Por Daniela Fernandes
Reportagem publicada em 15/03/2005 Última atualização 18/03/2005 19:30 TU
Quando o telefone de Abdallah Hitti toca, há sempre um intervalo de algumas frações de segundos, durante o qual sua mente se prepara para responder ao interlocutor, com a toda a naturalidade possível, em português, francês ou árabe. Essa tem sido a rotina desse líbano-franco-brasileiro nos últimos 30 anos. Para esse empresário do setor de informática, com escritórios em Paris e no Rio de Janeiro, especialista em sistemas de segurança para pagamentos na internet, fazer a conexão entre esses três países se tornou não só uma atividade econômica, mas também um estilo de vida.
Quando deixou a cidade de Zalka, a 5 km da capital, Beirute, no dia 22 de agosto de 1970, data que mudou « radicalmente » sua vida, Hitti não imaginava que um dia se tornaria brasileiro, sua nacionalidade de « coração », como ele diz. Na época, com 19 anos, Abdallah, o mais velho de uma família de sete filhos, veio à França para estudar informática. Seu pai, engenheiro, havia autorizado a viagem, mas impôs uma condição: que ele não morasse em Paris, “cidade de perdição”. Abdallah foi para Dijon estudar em curso preparatório para entrar nas chamadas « grandes escolas » da França. Após dois anos de estudos, obteve o direito de ingressar no reputado Instituto de Informática Empresarial de Paris (IEE). O pai não teve escolha e acabou aceitando que o filho se mudasse para a capital francesa.
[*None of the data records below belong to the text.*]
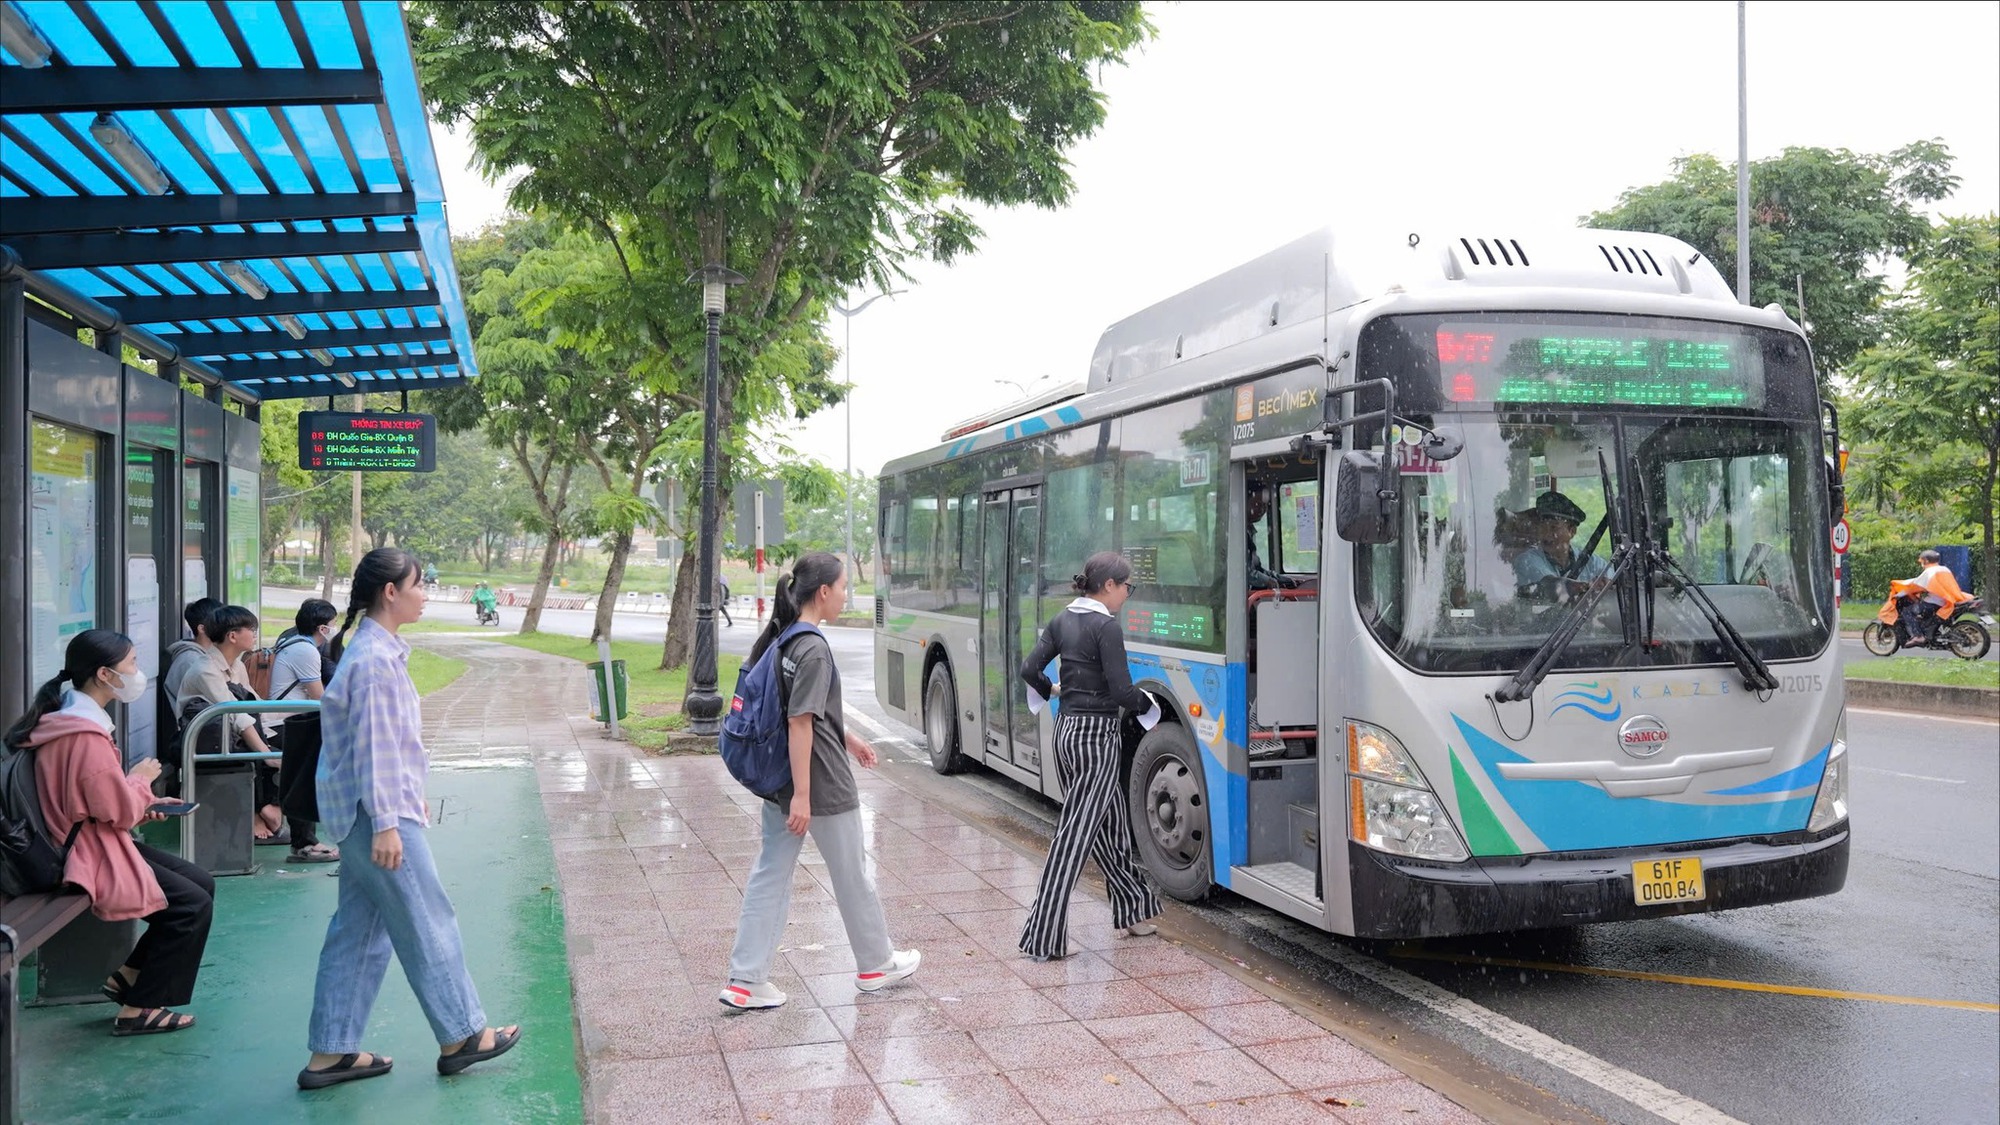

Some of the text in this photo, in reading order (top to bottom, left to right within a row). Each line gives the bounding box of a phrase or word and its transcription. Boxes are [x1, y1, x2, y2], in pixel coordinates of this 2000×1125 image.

[351, 418, 424, 429] THÔNG TIN XE BUÝ
[311, 432, 325, 440] 08
[326, 432, 338, 440] ĐH
[339, 432, 359, 441] Quốc
[387, 433, 407, 443] Quận
[1233, 422, 1255, 440] V2075
[326, 445, 338, 453] ĐH
[339, 445, 359, 454] Quốc
[407, 447, 419, 456] Tây
[1835, 528, 1846, 543] 40
[1625, 730, 1668, 743] SAMCO
[1653, 861, 1682, 879] 61F
[1642, 880, 1697, 901] 000.84
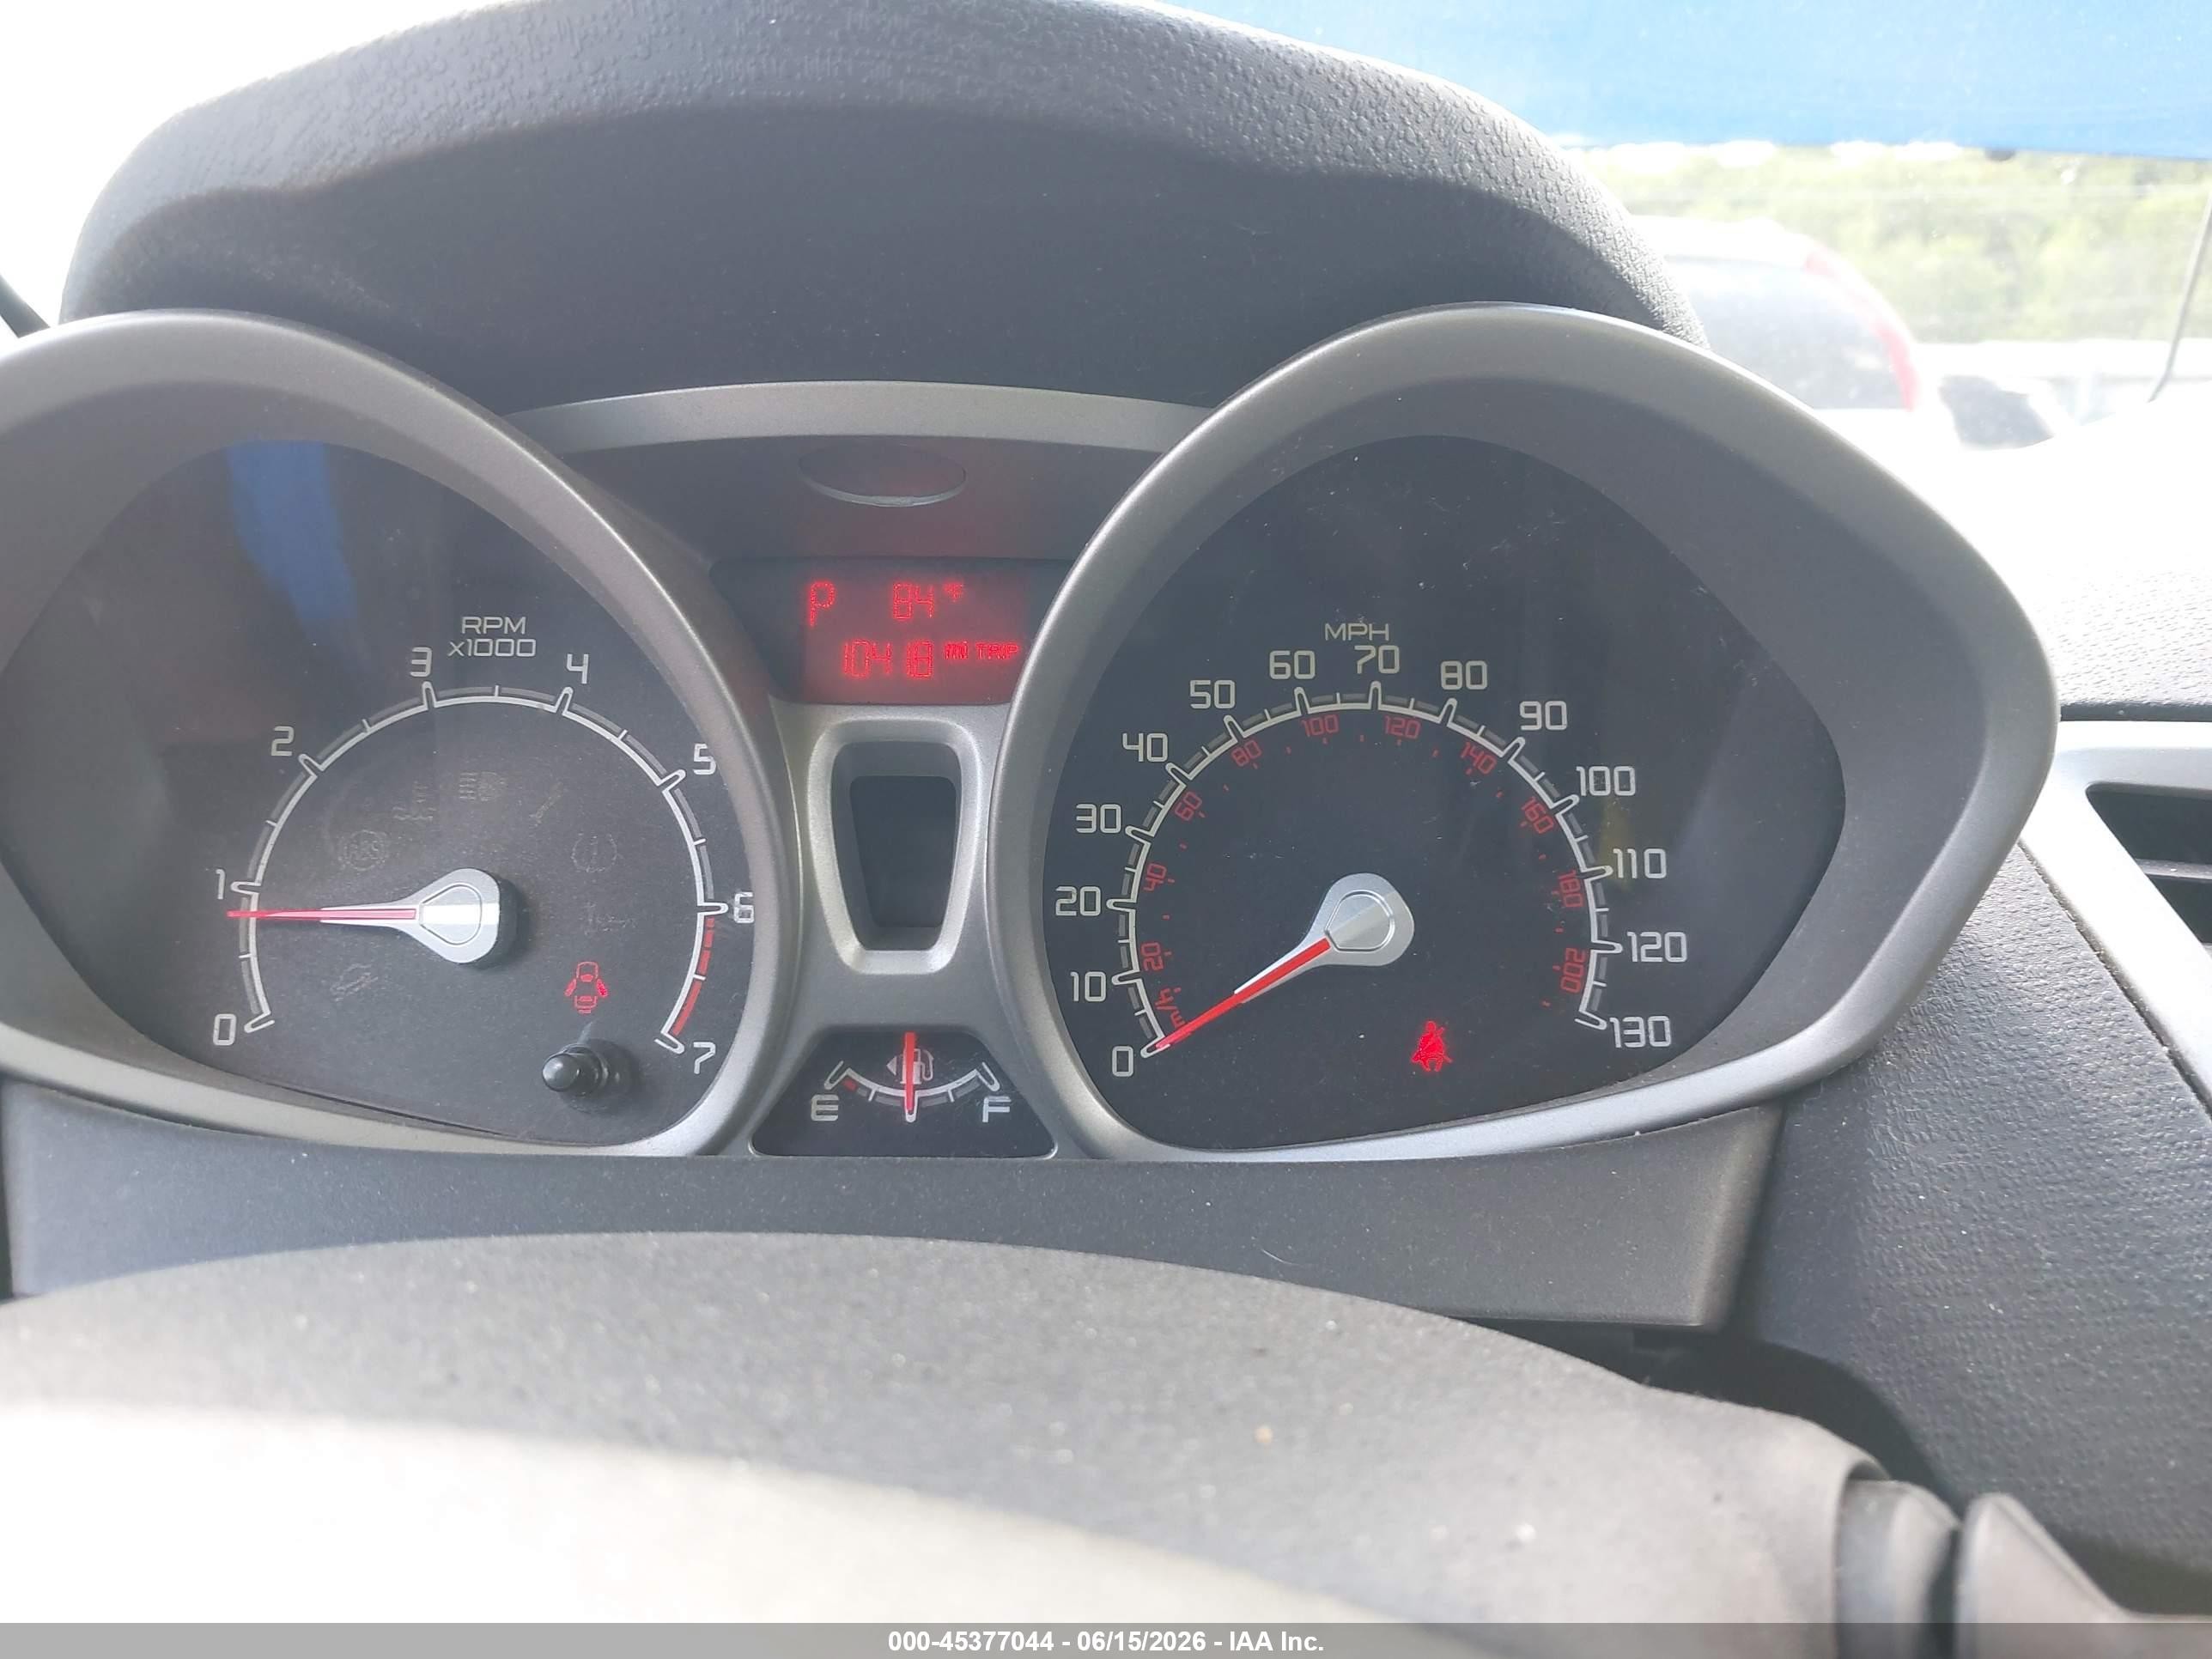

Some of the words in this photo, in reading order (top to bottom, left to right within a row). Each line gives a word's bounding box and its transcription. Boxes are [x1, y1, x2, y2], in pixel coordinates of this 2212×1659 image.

[809, 581, 836, 626] P
[892, 581, 934, 621] 84
[461, 617, 526, 635] RPM
[1325, 623, 1389, 641] MPH
[410, 647, 432, 677] 3
[975, 642, 1019, 659] TRIP
[1269, 650, 1316, 680] 60
[1354, 645, 1401, 674] 70
[567, 653, 589, 684] 4
[1441, 660, 1488, 690] 80
[1190, 679, 1236, 709] 50
[1301, 714, 1340, 738] 100
[1383, 715, 1421, 740] 120
[1520, 701, 1568, 731] 90
[271, 726, 295, 757] 2
[1122, 732, 1168, 763] 40
[1231, 740, 1262, 768] 80
[694, 744, 717, 775] 5
[1461, 742, 1498, 775] 140
[1576, 765, 1636, 796] 100
[1075, 804, 1121, 833] 30
[1174, 791, 1203, 821] 60
[1520, 795, 1553, 835] 160
[1144, 863, 1168, 891] 40
[1613, 848, 1667, 878] 110
[216, 868, 226, 899] 1
[1557, 870, 1584, 908] 180
[733, 891, 754, 922] 6
[1055, 886, 1101, 916] 20
[1139, 942, 1164, 971] 20
[1627, 932, 1687, 963] 120
[1560, 948, 1587, 994] 200
[1071, 971, 1106, 1002] 10
[213, 1014, 236, 1045] 0
[1610, 1016, 1671, 1048] 130
[694, 1042, 716, 1074] 7
[1112, 1046, 1133, 1077] 0
[811, 1094, 839, 1121] E
[981, 1096, 1012, 1123] F
O primeiro grande passo em sua carreira profissional ocorreu em 1974 , quando foi indicado por um professor do IEE para trabalhar como estagiário no grupo L’Oréal, maior fabricante mundial de cosméticos. No Instituto de Informática de Paris, além de encontrar o trabalho que acabou o levando para o Brasil alguns anos depois, Abdallah também conheceu sua esposa Martine, francesa, com quem está casado há 30 anos. Eles se casaram no Líbano após o estágio na L’Oréal e a idéia do casal era permanecer no país. Mas o início da guerra civil libanesa, em 1975, que opôs cristãos e muçulmanos (pertencentes a diferentes etnias e religiões e também divididos entre si), fez com que eles retornassem à França pouco tempo depois do casamento..
“Vidas paralelas”
O Brasil, até então, não fazia parte de seus planos. Por pouco tempo. Em mais um desses momentos na vida em que « o caminho é desviado », como diz Abdallah, ele recebeu um telefonema de um colega da L’Oréal pedindo para que ele adivinhasse de onde estava falando. A resposta, que ele não conseguiu acertar, era Rio de Janeiro. Abdallah recebeu o convite para assumir a diretoria de informática do grupo francês na capital fluminense, aos 26 anos de idade. Ele desembarcou no Rio em 1977, mais uma vez em dia 22, como quando deixou o Líbano. Afirma ter aprendido a falar português em 50 dias. O especialista em informática diz ter pego « o vírus do Brasil ». Foi no Rio, mais precisamente em Ipanema, que suas duas filhas, Mona e Sandra, nasceram durante os quatro anos de estada (a primeira) da família no Brasil. « Viramos brasileiros culturalmente », afirma Abdallah, que descobriu parentes libaneses no país, em Belo Horizonte e no Rio. «Não conhecia esses membros da família e só fui encontrá-los quando cheguei ao Brasil », conta ele, que até hoje tem contato com essas pessoas. A descoberta dos parentes « brasileiros » acabou o levando a criar um site internet para manter contatos com todos os Hitti espalhados pelo mundo.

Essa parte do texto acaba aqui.